2. Sensibiliser tout le personnel en continu. Les technologies et les techniques d’attaques évoluent rapidement et les collaborateurs doivent être au fait des différents types de risques qui peuvent menacer l’entreprise.

3. Améliorer les modes de communication et vulgariser les concepts techniques au maximum. Les utilisateurs ont besoin de les connaître, pour mieux se protéger, et protéger leurs données. Il faut expliquer aux utilisateurs qu’ils peuvent choisir entre être le problème ou la solution.

4. Rendre la formation ludique et interactive. Au-delà des présentations classiques, on peut se montrer créatif, impliquer les utilisateurs et mettre en place des exercices de simulation ou des ateliers incluant des jeux, des mises en situation et des quizz, et s’assurer que les informations ont été correctement assimilées.

5. Être bienveillant en tant que formateur :

  • Eviter le sarcasme ;
  • Savoir adapter son discours en fonction du profil et du niveau de responsabilité de chacun ;
  • Se montrer ouvert et disponible et instaurer un climat de confiance pour que les collaborateurs posent toutes leurs questions.

#7—Qu’est-ce qui selon toi fait un-e bon-ne ingénieur-e ? 

Pour moi, les qualités principales d’un-e bon-ne ingénieur-e sont la curiosité, la créativité, l’envie d’apprendre et la capacité de s’adapter.
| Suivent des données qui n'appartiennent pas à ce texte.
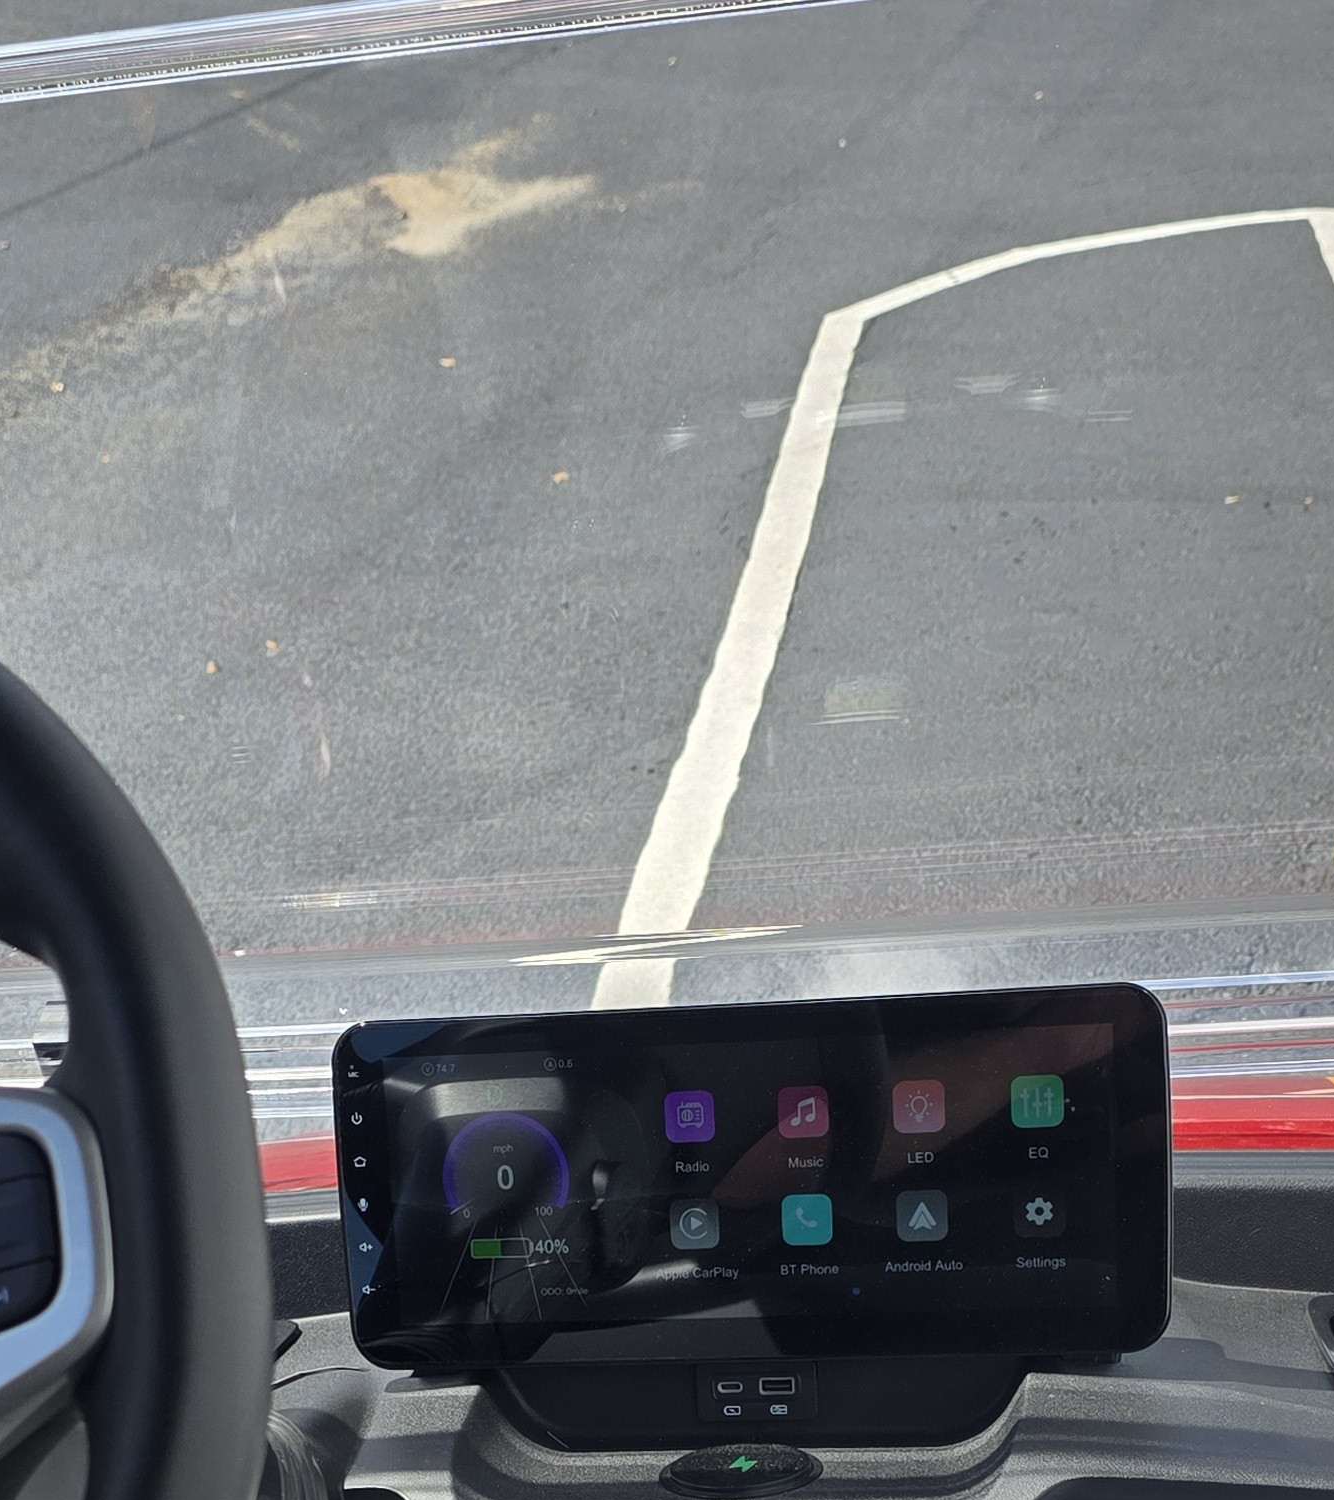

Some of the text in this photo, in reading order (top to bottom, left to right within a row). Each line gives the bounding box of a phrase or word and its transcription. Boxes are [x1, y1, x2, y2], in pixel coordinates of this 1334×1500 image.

Un-e ingénieur-e est une personne qui aime relever des défis et résoudre des problèmes. Iel est capable d’avoir une vision claire de ce qu’il veut faire et de comment y parvenir. 

C’est aussi quelqu’un qui peut collaborer et travailler en équipe. Concernant les ingénieur-e-s spécialisé-e-s en cybersécurité, avoir un sens moral sans faille est capital, en particulier chez les hackeurs éthiques ou les pentesters.

#8—Qu’est-ce qui est un bon environnement de travail pour toi ?

Selon moi, un environnement de travail sain, c’est avant tout de la flexibilité et de l’agilité pour les employés en leur donnant plus de liberté concernant leur façon d’organiser leur travail. C’est aussi pouvoir communiquer facilement autant entre collaborateurs qu’avec la hiérarchie.

#9—Quels conseils donnerais-tu aux recruteurs et aux entreprises pour mieux recruter/engager des profils techniques ?

J’aurais deux conseils :

–        Donnez leurs chances aux passionnés, même s’ils n’ont pas le nombre « parfois irréel » d’années d’expérience requises.

–        N’oubliez pas les softs skills. Évidemment avoir des capacités techniques est important, mais une bonne recrue est une personne capable de se former, de s’adapter à de nouvelles technologies, de communiquer et de collaborer au sein d’une équipe.

#10—Quelque chose à rajouter ?

L’informatique n’est pas réservée exclusivement à des élus cracks en mathématiques. L’informatique offre un éventail de possibilités et d’opportunités quasi-infini. On peut apprendre un langage de programmation, écrire des programmes, coder des applications avec un niveau basique en maths. Si ça vous intéresse, lancez-vous ! Les ressources pour apprendre sont illimitées, il suffit de le vouloir.